MEIO DA SALA >> Carla Dias
Esfrega o rosto com as mãos espalmadas, narinas assanhadas pelo perfume das gardênias do jardim.
Fim de inverno, o verão a irritar sua expectativa, apesar de a primavera exuberar sua cor, no papel de intermediária. Tem preferência pelo frio, o que sabe — considerando a pessoalidade de tal preferência — em nada afetar os afazeres do mundo. Seus olhos se dilatam e fincam olhar nos felizes a entoar cantoria desafinada e movimentar-se em danças espetaculosas, do outro lado da rua.
Gosta de observar as pessoas em dia de celebração. Tem aversão a sequer se imaginar participante de uma festa daquela, mas, não raro, permite-se seduzir pelo aprazimento de observador do momento em que as elas se entregam completamente ao prazer do momento. Sente como se assistisse o despir-se do pudor em benefício de um breve prazer gerado no ventre da invencionice. Ainda assim, espectador.
Não se demora na observação, satisfaz-se com a brevidade dos minutos. Entra e fecha a porta, mantendo a mão na maçaneta por um momento, o som da balburdia ainda soando pelos cômodos, mas longe, não demorou a se tornar quase um sussurro.
Esperou o silêncio se ancorar de vez na casa.
Voltou ao jardim, precisava garantir que tudo estivesse como deveria para a próxima floração. Prometeu ao irmão que sempre haveria gardênias nele, “a beleza tocável”.
Intocável é ele, o outro, o irmão não estar mais no quarto dos fundos, escutando discos de música duvidosa, conversando com amigos apreciadores de pirraças e o riso solta diante de piada sem graça. E de se apaixonar a cada cinco semanas. Nunca entendeu esse período determinado, e o outro até tentou explicar, o que acabou em uma discussão desimportante sobre prazo para descobrir que não daria certo.
O que não deu certo foi compreender, na prática, que certas faltas podem encher alguém de ocorridos alheios. E que eles se tornam preenchedores de expectativas, incrementadores de saudade, coordenadores de ausências.

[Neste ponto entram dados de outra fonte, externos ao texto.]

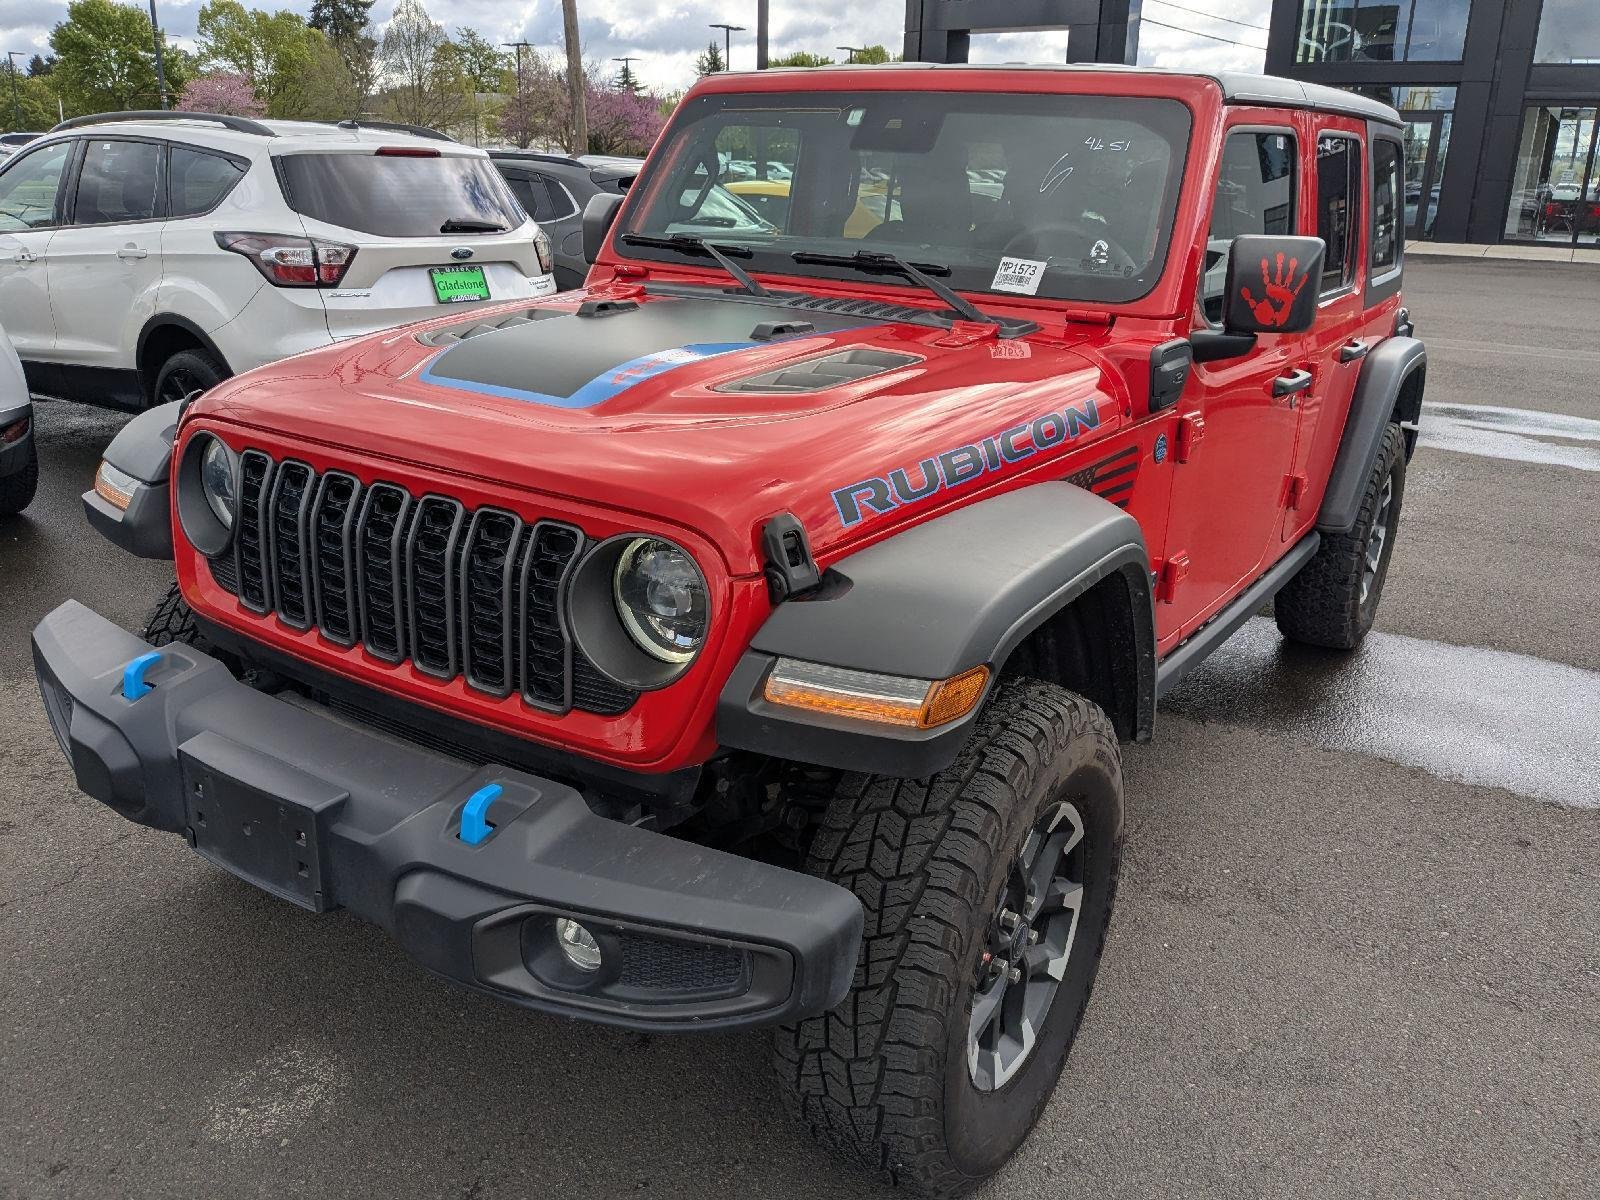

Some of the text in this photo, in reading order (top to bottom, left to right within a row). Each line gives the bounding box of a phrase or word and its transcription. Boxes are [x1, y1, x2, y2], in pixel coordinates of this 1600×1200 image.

Depois das sete, o bairro mergulha no silêncio da noite. Ele acredita que muitos devem levar seus barulhos de brigas, contentamento, indisposição e prazer aos cômodos de suas próprias casas, motivo que o fez garantir nunca viver em uma de parede-meia. Basta-lhe as rebordosas das suas emoções, ora o fazendo sentir constrangido consigo, soprando em sua realidade o avassalador sentir, de lhe arrancar lágrimas dos sentimentos. “Homem não chora”, o irmão dizia, repetindo um ensinado no qual teimava em acreditar. Minutos depois, deitava-se no sofá, rendido, libertando lágrimas de lamento, de tristeza acolhida, e também as espraiadas em gargalhadas de aprazimento.

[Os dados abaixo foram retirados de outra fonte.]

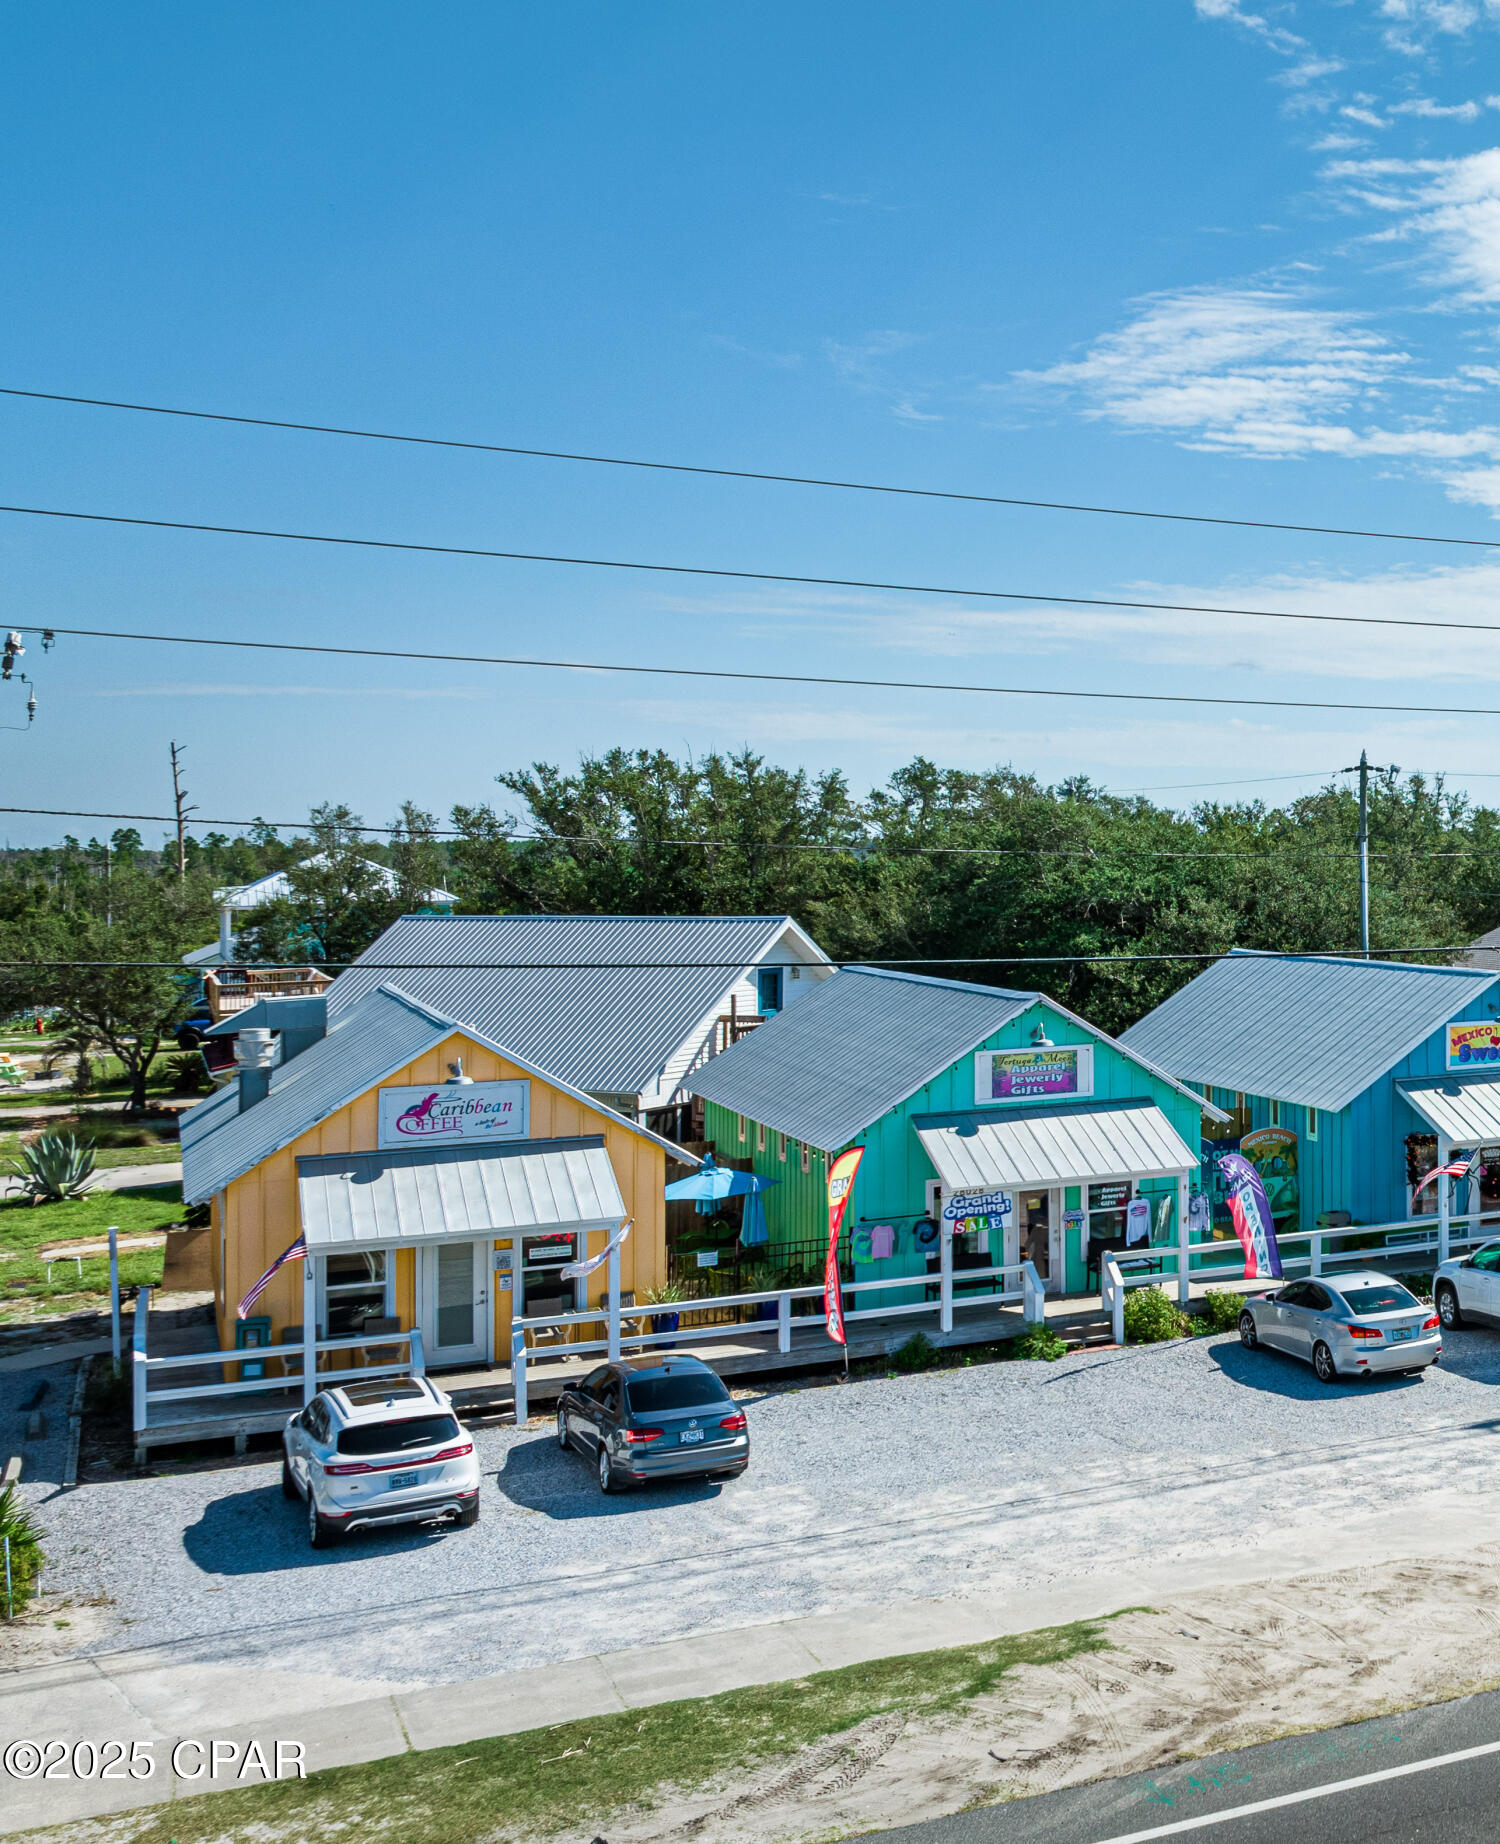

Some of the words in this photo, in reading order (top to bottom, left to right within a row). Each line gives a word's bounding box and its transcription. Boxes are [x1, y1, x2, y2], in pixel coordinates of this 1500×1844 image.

[1451, 1027, 1493, 1047] MEXICO
[1000, 1056, 1032, 1066] Tortuga
[1011, 1061, 1066, 1074] Apparel
[1011, 1073, 1064, 1085] Jewerly
[1011, 1085, 1045, 1096] Gifts
[428, 1098, 513, 1119] Caribbean
[952, 1191, 1002, 1208] Grand
[944, 1199, 1010, 1218] Opening!
[955, 1216, 1002, 1233] SALE

Não gosta de silêncio barulhado desse jeito, de ruir positividade, bem-estar, ou qualquer termo amparador de esperança. Não acredita na esperança, mas também não a descarta.
Deita-se no sofá, encolhido, compreendendo onde o corpo começa-termina-começa, embrulhando — pele-papel-amassado — vista cansada, cabelos ralos, dores acompanhantes que jamais partirão de suas juntas.
Desenrola-se, pernas esticadas, enfrentando dores acompanhantes que não aceitam dispensa. Levanta-se, os braços ao alto. A chuva, maestrina, lidera a cantoria dos telhados. E ele, no vazio do meio da sala, dança, as dores conformadas, rendidas diante de sua ousadia. A gargalhada do outro ecoa em seu dentro. A coreografia da saudade em um giro.